Stored data entries
*** Begin section ***

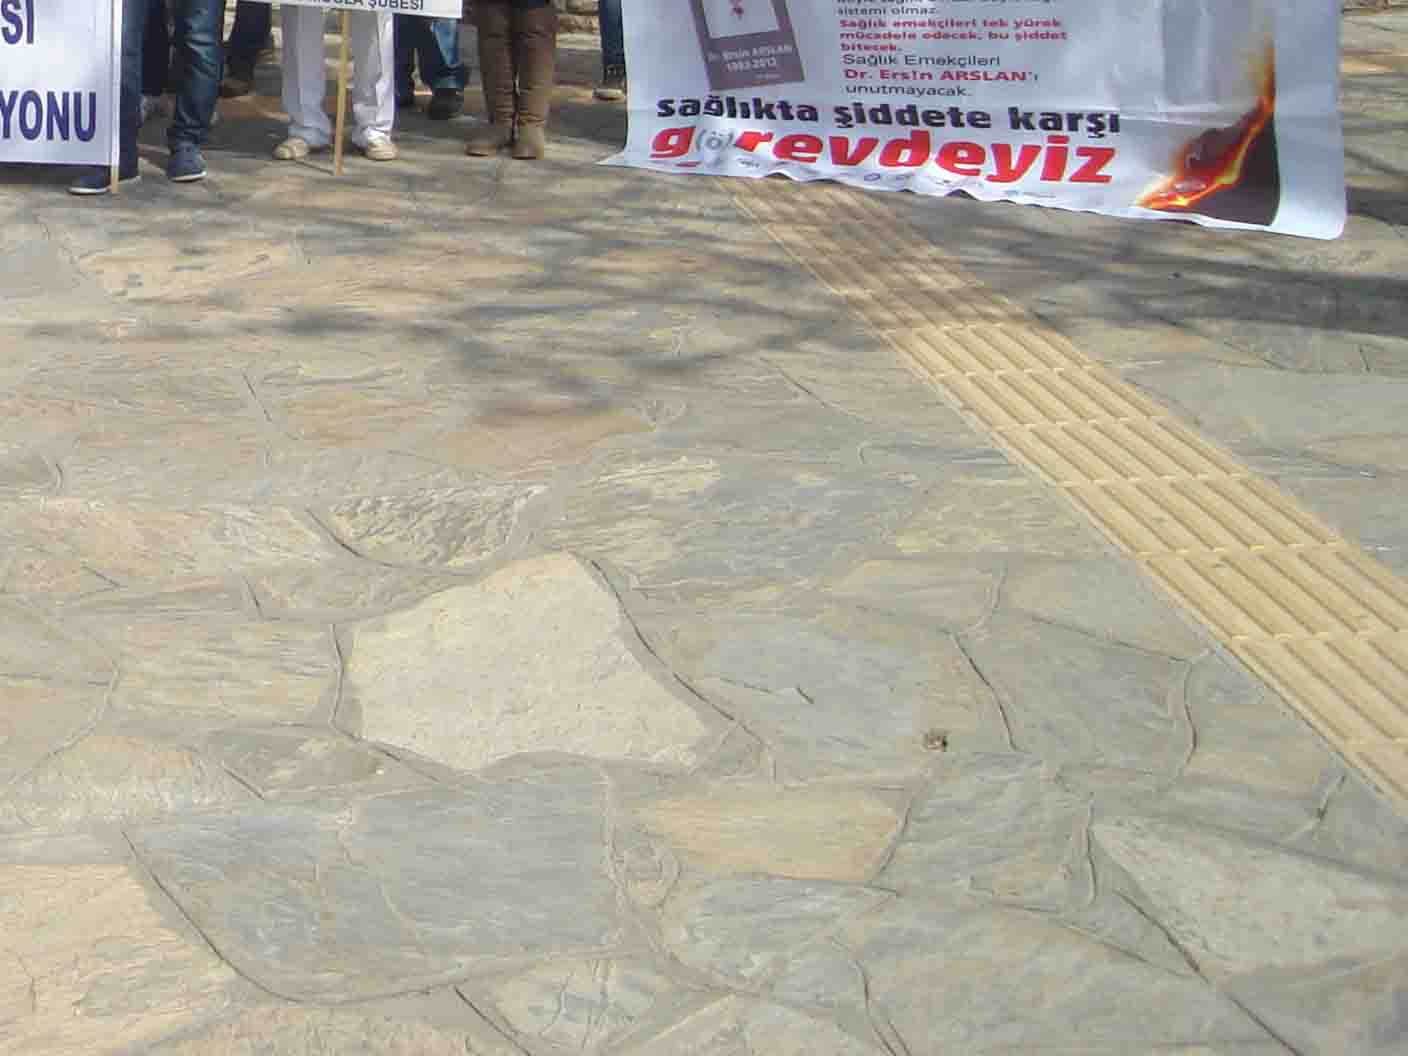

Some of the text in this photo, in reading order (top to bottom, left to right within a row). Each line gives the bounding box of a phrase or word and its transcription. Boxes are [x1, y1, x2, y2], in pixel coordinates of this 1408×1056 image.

[842, 54, 897, 67] Sağlık
[657, 95, 1120, 138] sağlıkta şiddete karşı
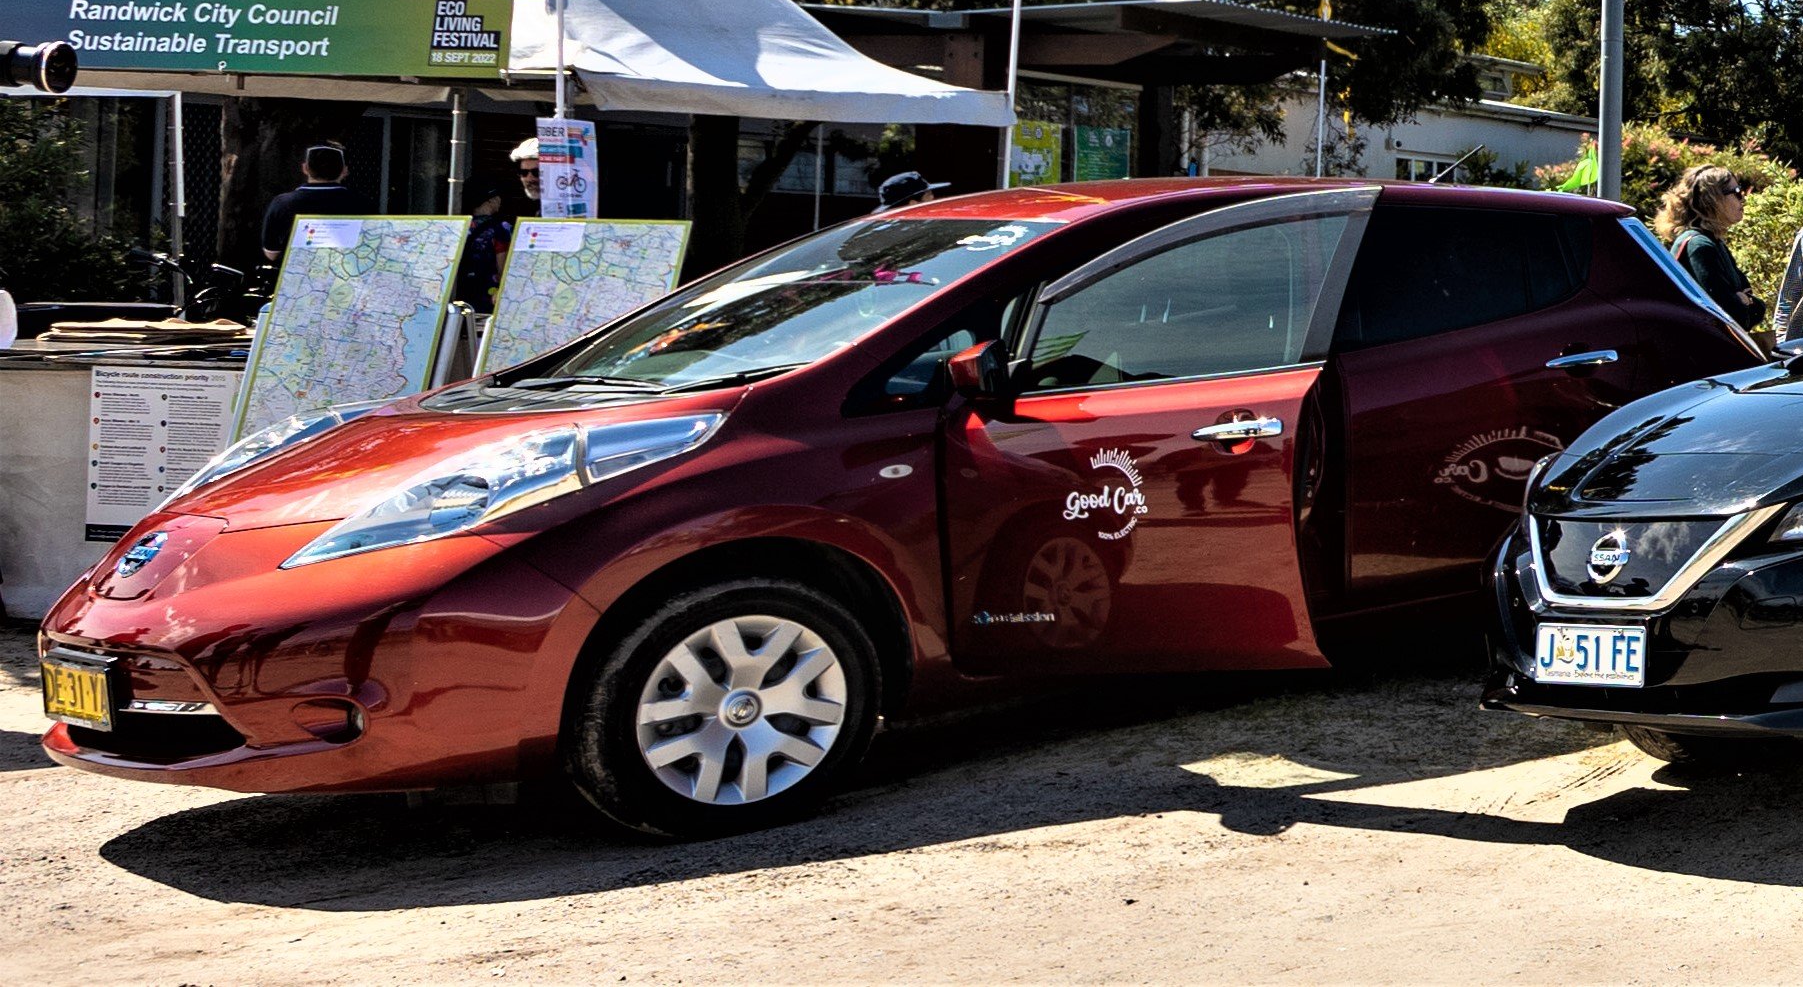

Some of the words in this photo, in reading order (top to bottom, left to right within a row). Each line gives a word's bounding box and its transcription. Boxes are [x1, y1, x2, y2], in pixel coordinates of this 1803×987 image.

[69, 0, 188, 23] Randwick
[193, 2, 240, 28] City
[247, 4, 339, 26] Council
[437, 0, 465, 16] ECO
[435, 16, 481, 31] LIVING
[67, 29, 207, 54] Sustainable
[215, 33, 330, 60] Transport
[432, 32, 498, 47] FESTIVAL
[431, 52, 443, 63] 18
[444, 52, 470, 63] SEPT
[471, 53, 496, 64] 2022
[1063, 485, 1111, 520] Good
[1113, 486, 1145, 514] Car
[1097, 530, 1114, 541] 100%
[1113, 515, 1138, 540] ELECTRIC
[1612, 635, 1641, 672] FE
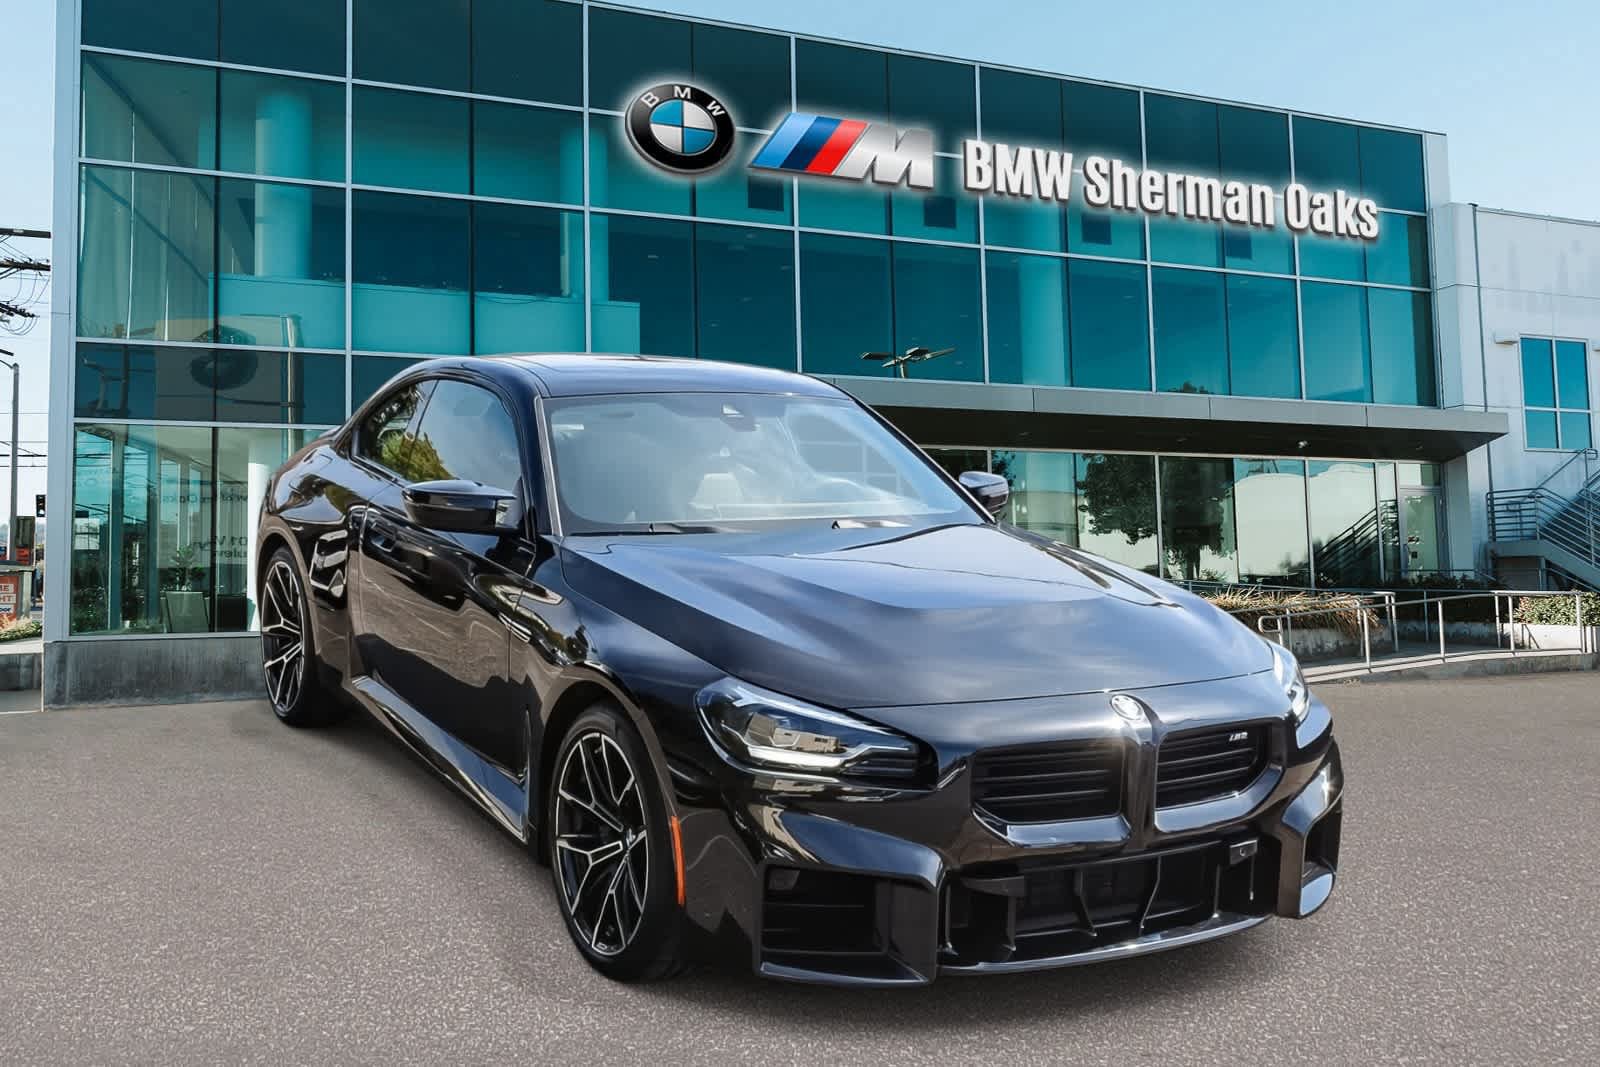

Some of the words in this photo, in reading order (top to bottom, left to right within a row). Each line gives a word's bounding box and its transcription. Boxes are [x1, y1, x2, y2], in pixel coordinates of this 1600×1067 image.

[640, 85, 726, 117] BMW
[964, 138, 1073, 201] BMW
[1083, 155, 1275, 228] Sherman
[1284, 182, 1380, 241] Oaks

*** End section ***

*What to produce*. Pictures don't belong in the copy. Retype exactly the lines from the one with "this 1803×987 image." through the last line of the records.

*Answer for the task*.
Some of the words in this photo, in reading order (top to bottom, left to right within a row). Each line gives a word's bounding box and its transcription. Boxes are [x1, y1, x2, y2], in pixel coordinates of this 1803×987 image.

[69, 0, 188, 23] Randwick
[193, 2, 240, 28] City
[247, 4, 339, 26] Council
[437, 0, 465, 16] ECO
[435, 16, 481, 31] LIVING
[67, 29, 207, 54] Sustainable
[215, 33, 330, 60] Transport
[432, 32, 498, 47] FESTIVAL
[431, 52, 443, 63] 18
[444, 52, 470, 63] SEPT
[471, 53, 496, 64] 2022
[1063, 485, 1111, 520] Good
[1113, 486, 1145, 514] Car
[1097, 530, 1114, 541] 100%
[1113, 515, 1138, 540] ELECTRIC
[1612, 635, 1641, 672] FE

Some of the words in this photo, in reading order (top to bottom, left to right within a row). Each line gives a word's bounding box and its transcription. Boxes are [x1, y1, x2, y2], in pixel coordinates of this 1600×1067 image.

[640, 85, 726, 117] BMW
[964, 138, 1073, 201] BMW
[1083, 155, 1275, 228] Sherman
[1284, 182, 1380, 241] Oaks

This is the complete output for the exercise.